A 60-year-old patient with treatment-resistant depression is another example. History revealed that the patient was unresponsive to escitalopram and budeprion XL. A switch to nortriptyline (Pamelor) did not significantly improve symptoms. When low-dose fluoxetine (Prozac) was added, the patient developed sedation and experienced a fall.

Subsequent genetic testing showed that the patient had impaired metabolism affected by 2D6, which metabolizes nortriptyline and fluoxetine. "So pharmacogenomic testing is very useful in our practice," Dr. Patel said. "We really need to look at a patient’s 2D6 whenever it is possible."
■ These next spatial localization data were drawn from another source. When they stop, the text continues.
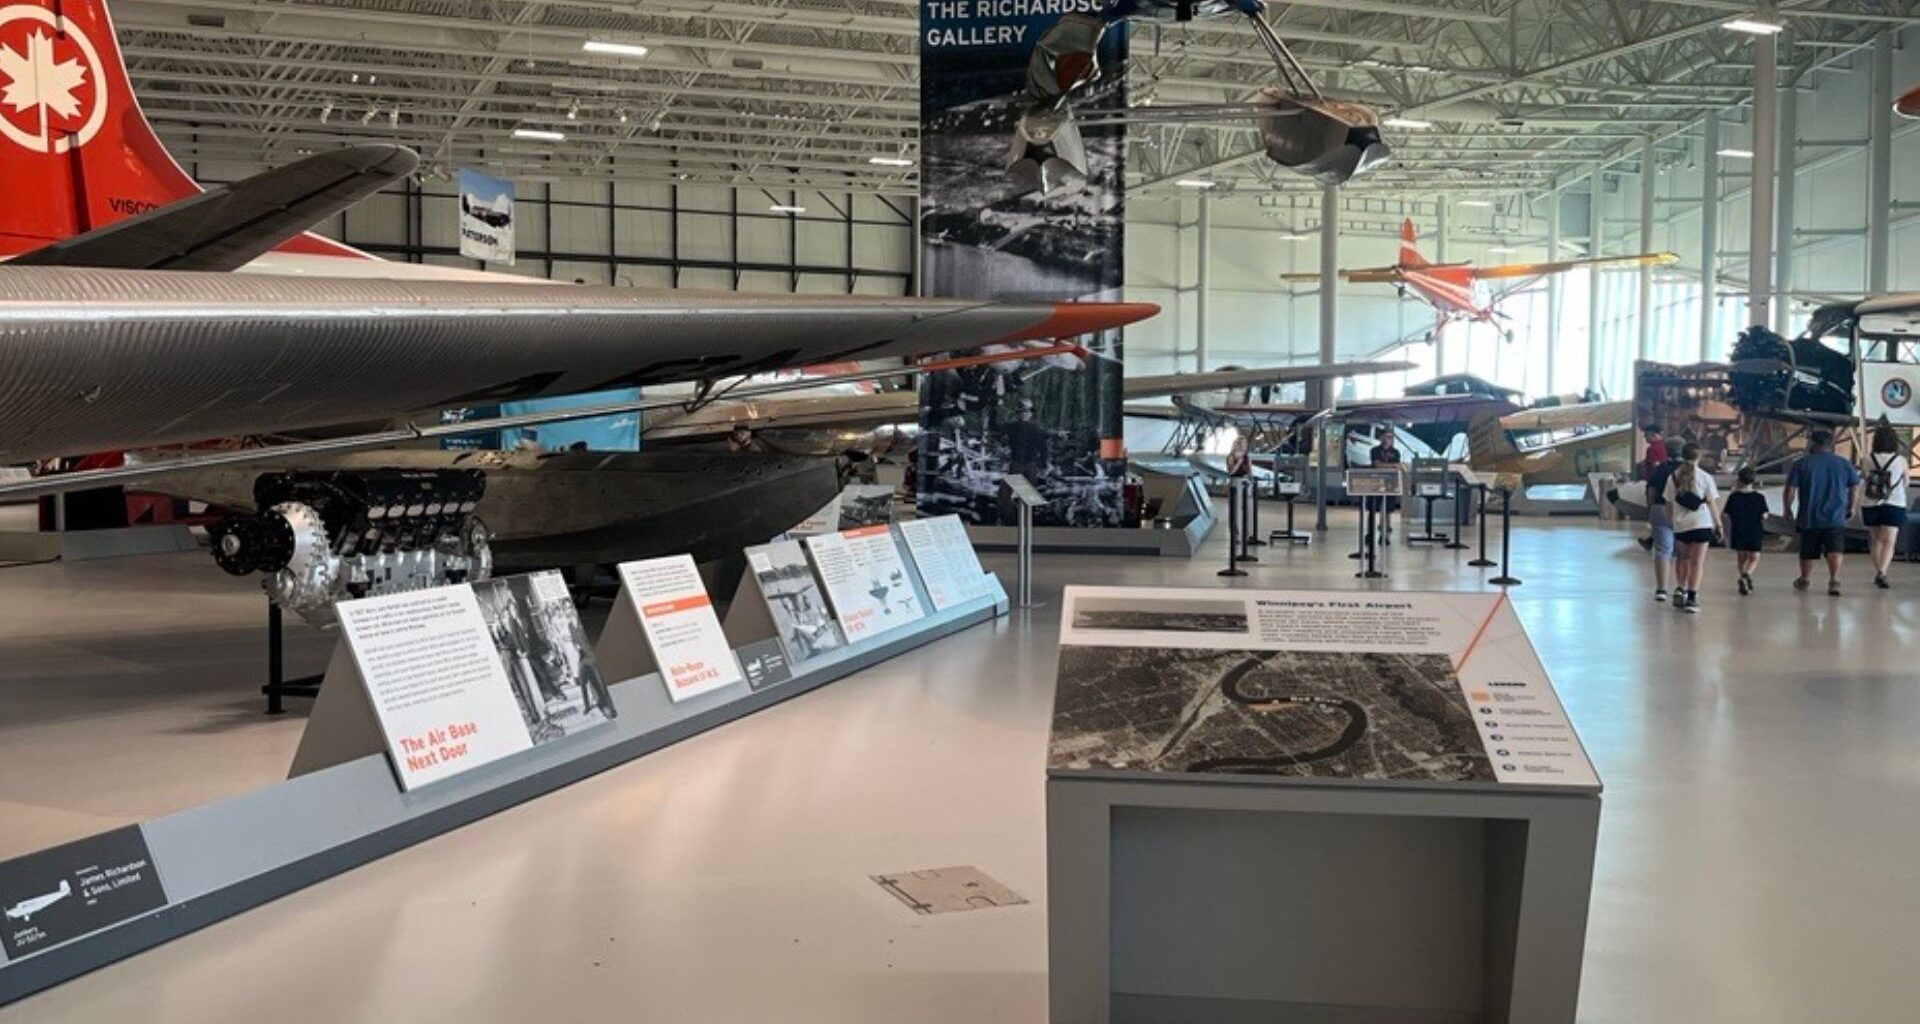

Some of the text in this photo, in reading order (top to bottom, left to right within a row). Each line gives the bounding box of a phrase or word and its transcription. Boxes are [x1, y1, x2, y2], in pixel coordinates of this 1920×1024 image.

[928, 0, 1119, 18] THE RICHARDSO
[927, 25, 1027, 46] GALLERY
[1256, 600, 1413, 610] Winnipeg's First Airport
[400, 721, 477, 753] The Air Base
[407, 744, 468, 771] Next Door
[80, 874, 105, 887] James
[105, 860, 147, 877] Richardson
[113, 873, 141, 889] Limited
"Sometimes when we cannot figure out why a patient is oversedated at a low dose, [genetic testing] is something that can answer that question," said Manju T. Beier, PharmD, who is a senior partner for Geriatric Consultant Resources and on the pharmacy faculty at the University of Michigan, Ann Arbor.

Dr. Beier explained that metabolism of prodrugs works counterintuitively. "You need an enzyme to metabolize it to active compound, so you will get higher adverse events if you are a rapid metabolizer and inefficacy if you are a poor metabolizer."

A 79-year-old woman hospitalized with pneumonia was treated with antibiotics and codeine for her cough, for example. She was found unresponsive on day 2 of admission. She was transferred to critical care, intubated, put on a respirator, and given supportive care.

She recovered fully, but genetic testing revealed that the patient "was an ultrarapid metabolizer ... and she converted that small amount of codeine [a prodrug] to large amounts of morphine rapidly," Dr. Beier said.

If a depressed patient also takes tamoxifen and is a poor metabolizer through 2D6, he or she will not convert as much tamoxifen to its active metabolite endoxifen, Dr. Patel said. When choosing an antidepressant for this type of patient, consider mirtazapine or venlafaxine (which do not strongly inhibit 2D6) vs. paroxetine or fluoxetine, she added.